Dopo che si è passati accanto ad una piccola caverna (Grotta Odoana), il sentiero scende ripido e sconnesso tra rocce scivolose (c'è anche molto fango per le piogge del giorno precedente). Dopo altra macchia di arriva in vista di Cala Luna. Si vede una sottile striscia di sabbia stretta tra il mare e una pozza d'acqua, che va a finire contro una verticale parete calcarea. A monte della spiaggia vediamo una valle verdissima, la codula di Luna. Altra discesa e siamo al torrente, con i suoi oleandri, anche se purtroppo è presto per la fioritura. La maggior parte dell'anno è secco, mentre oggi è ingrossato per via delle piogge e dobbiamo toglierci gli scarponi e arrotolarci i pantaloni per guadarlo a piedi nudi, nell'acqua bella fresca che ci arriva quasi alle ginocchia. Fortuna che il fondo è sabbioso e si cammina bene.

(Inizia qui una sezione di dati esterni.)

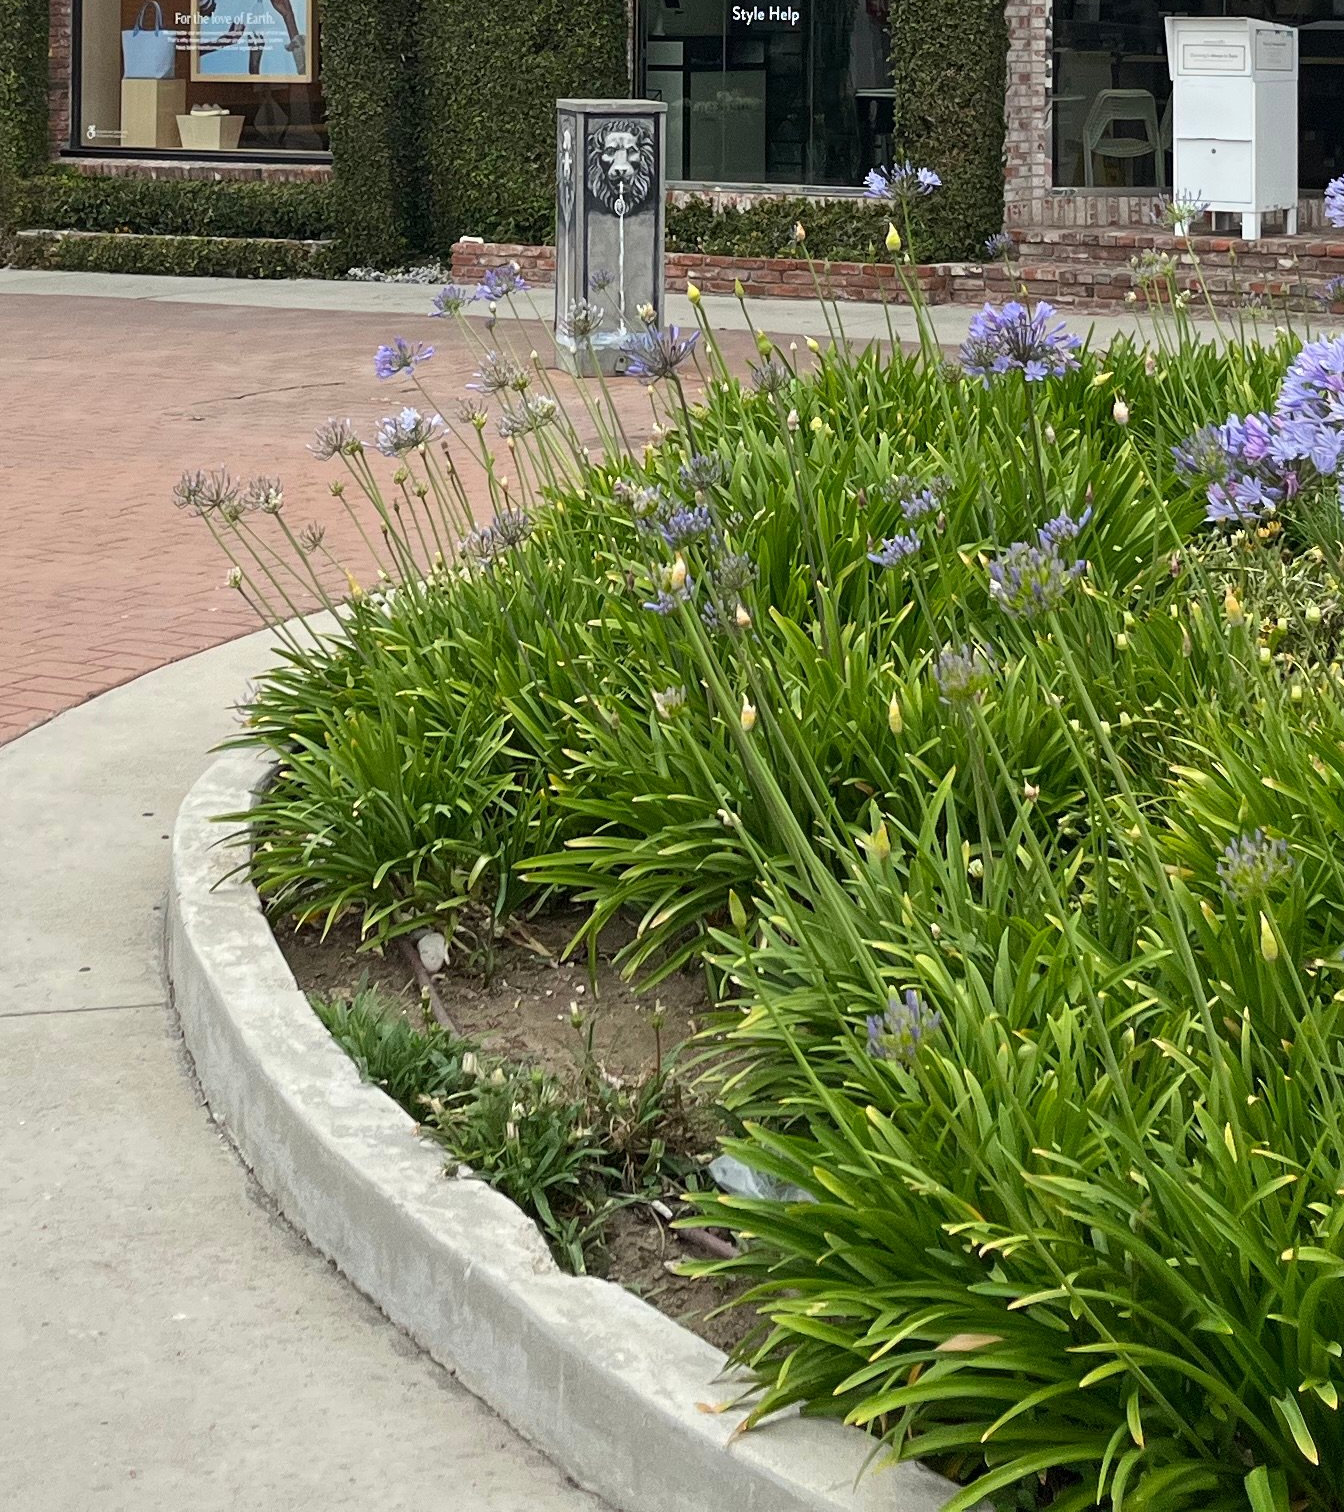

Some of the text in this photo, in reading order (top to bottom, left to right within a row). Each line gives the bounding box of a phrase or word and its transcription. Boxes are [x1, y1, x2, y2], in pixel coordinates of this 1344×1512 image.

[175, 11, 276, 25] For the love of Earth.
[732, 6, 800, 26] Style Help
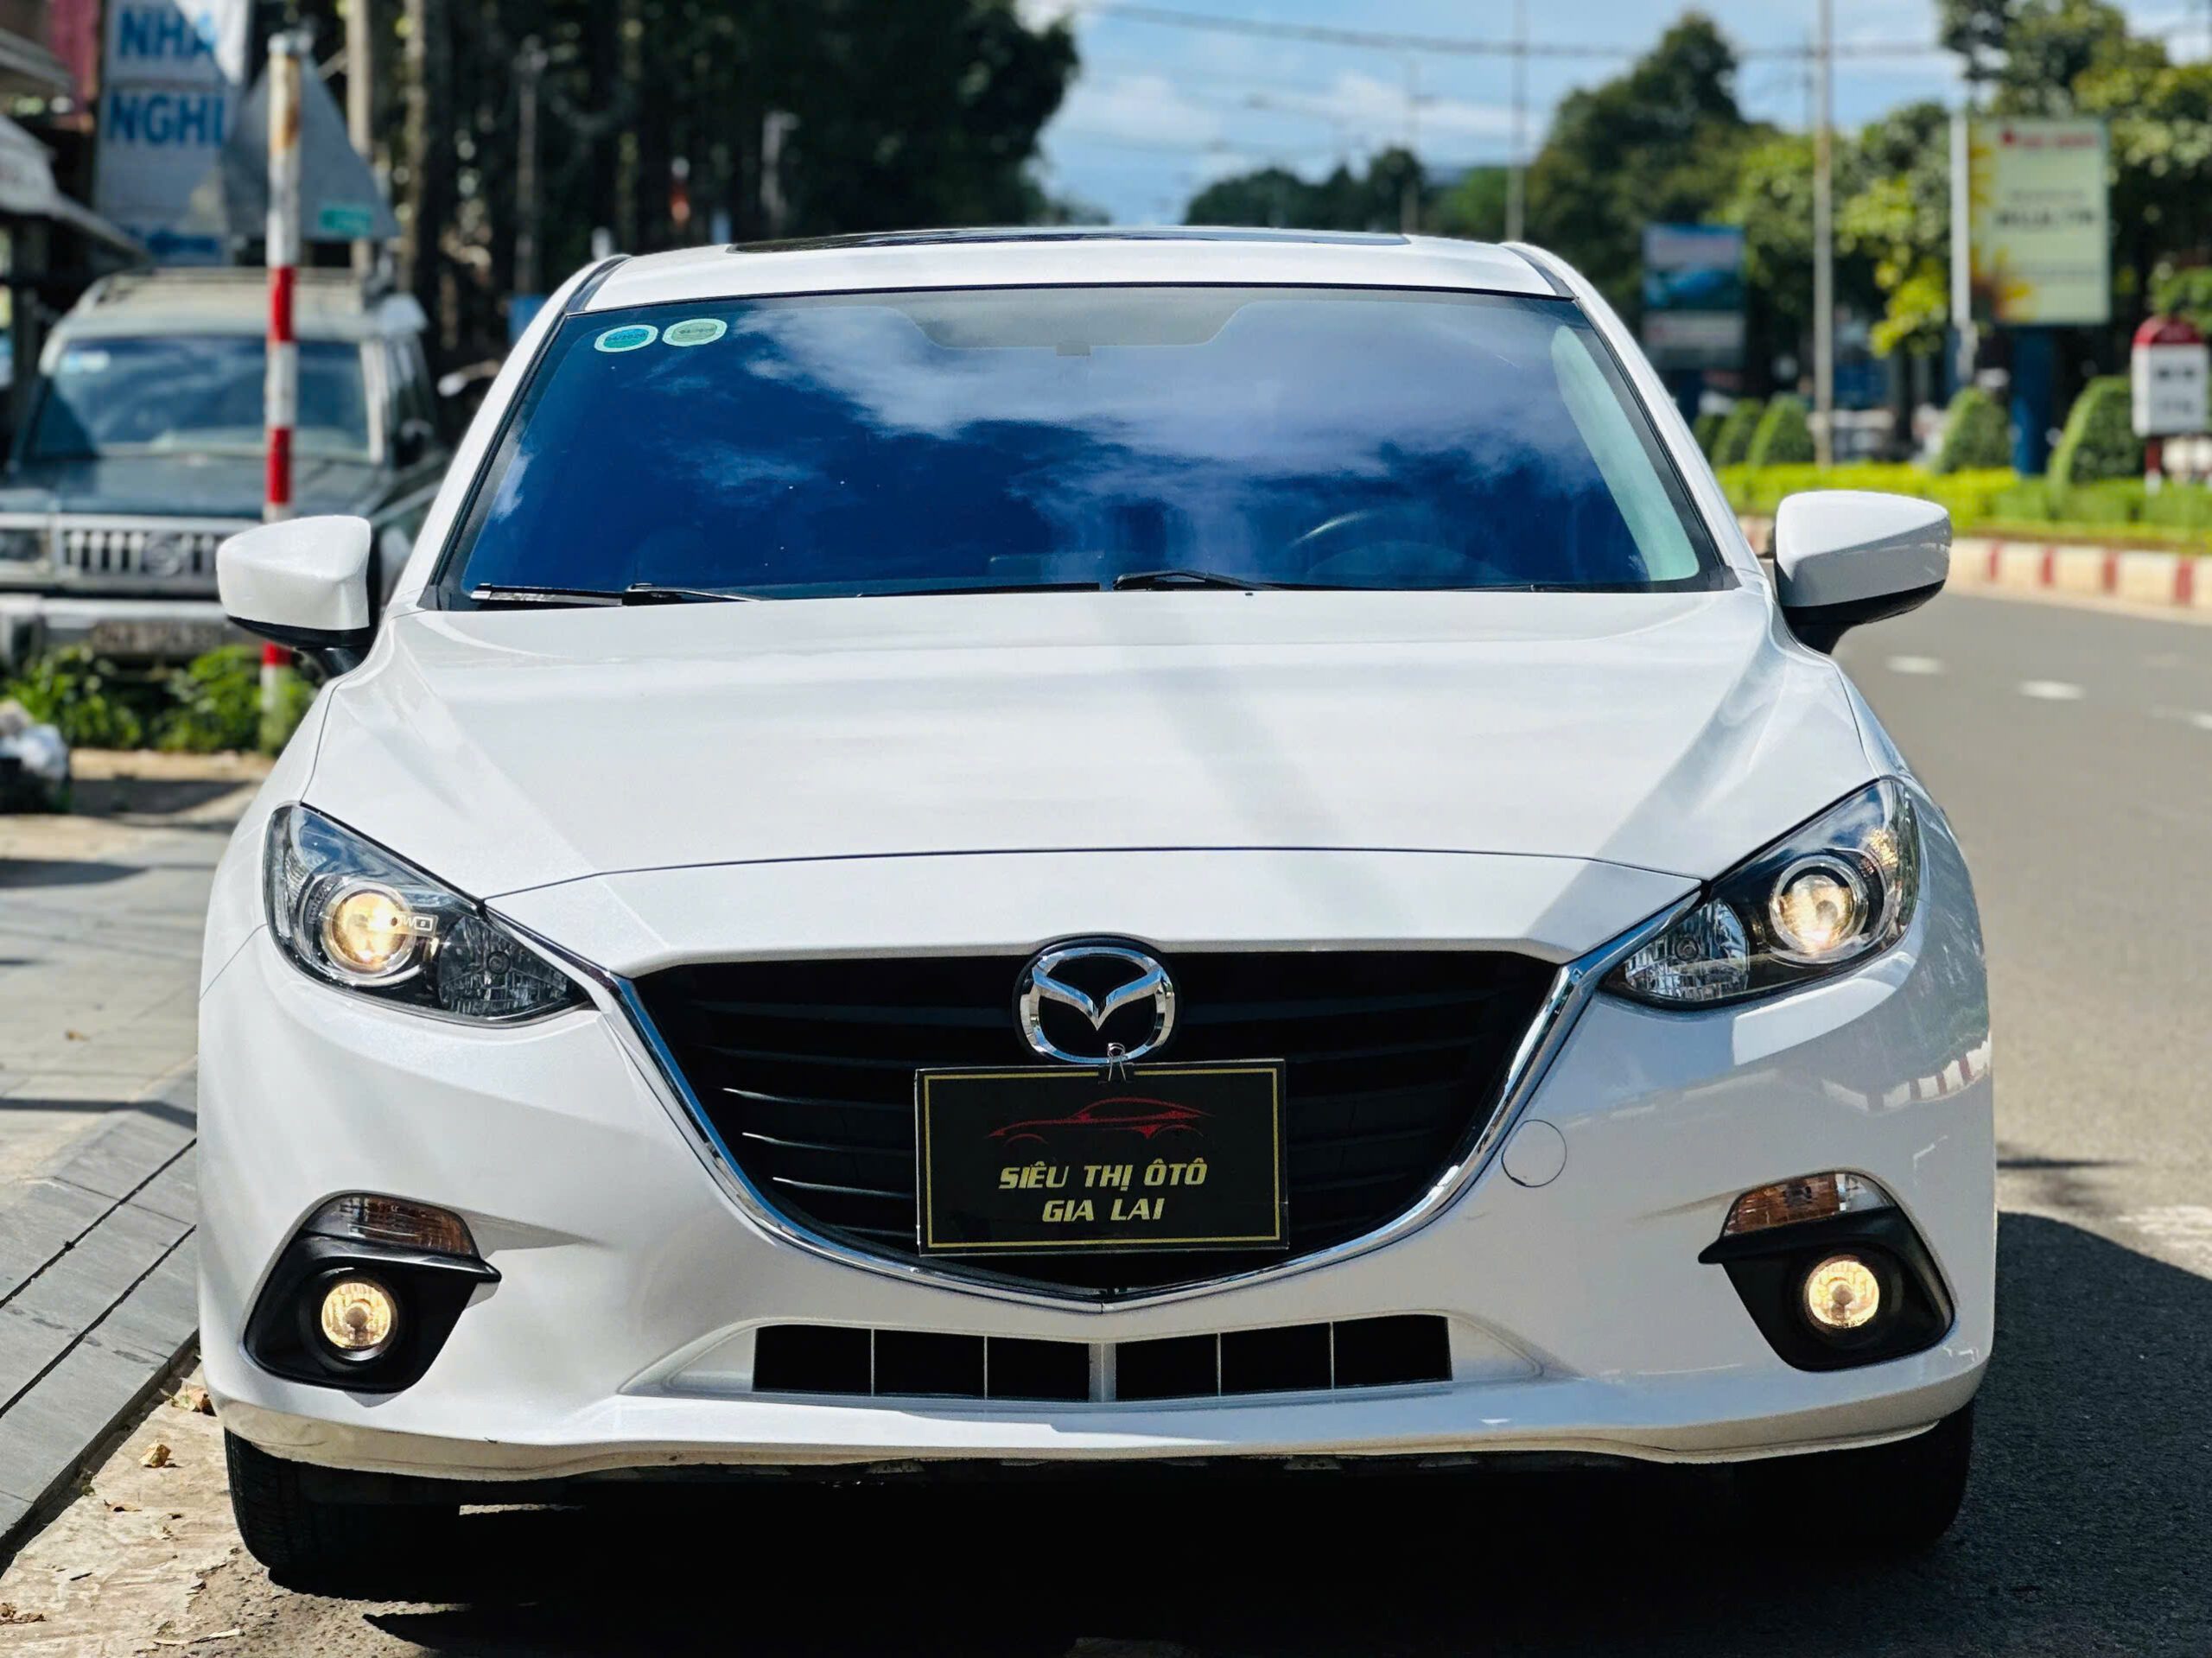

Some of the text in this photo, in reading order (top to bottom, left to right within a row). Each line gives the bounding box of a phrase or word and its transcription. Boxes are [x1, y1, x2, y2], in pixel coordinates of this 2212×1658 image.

Per arrivare a Cala Luna bisogna guadare il torrente un'altra volta. Passiamo in un punto a caso e troviamo subito il più profondo, che stavolta ci bagna le gambe fin sopra le ginocchia. Durante i periodi secchi questo tratto terminale del torrente si trasforma in uno stagno di acqua dolce. D'estate mettono un ponte per consentire a chi è arrivato in barca di raggiungere il ristorante, ma siamo fuori stagione.
Siamo così giunti alla famosa spiaggia di Cala Luna. Il nome viene dalla forma: una lunga e sottile linea arcuata di sabbia chiara, che per colore e forma assomiglia alla falce di luna.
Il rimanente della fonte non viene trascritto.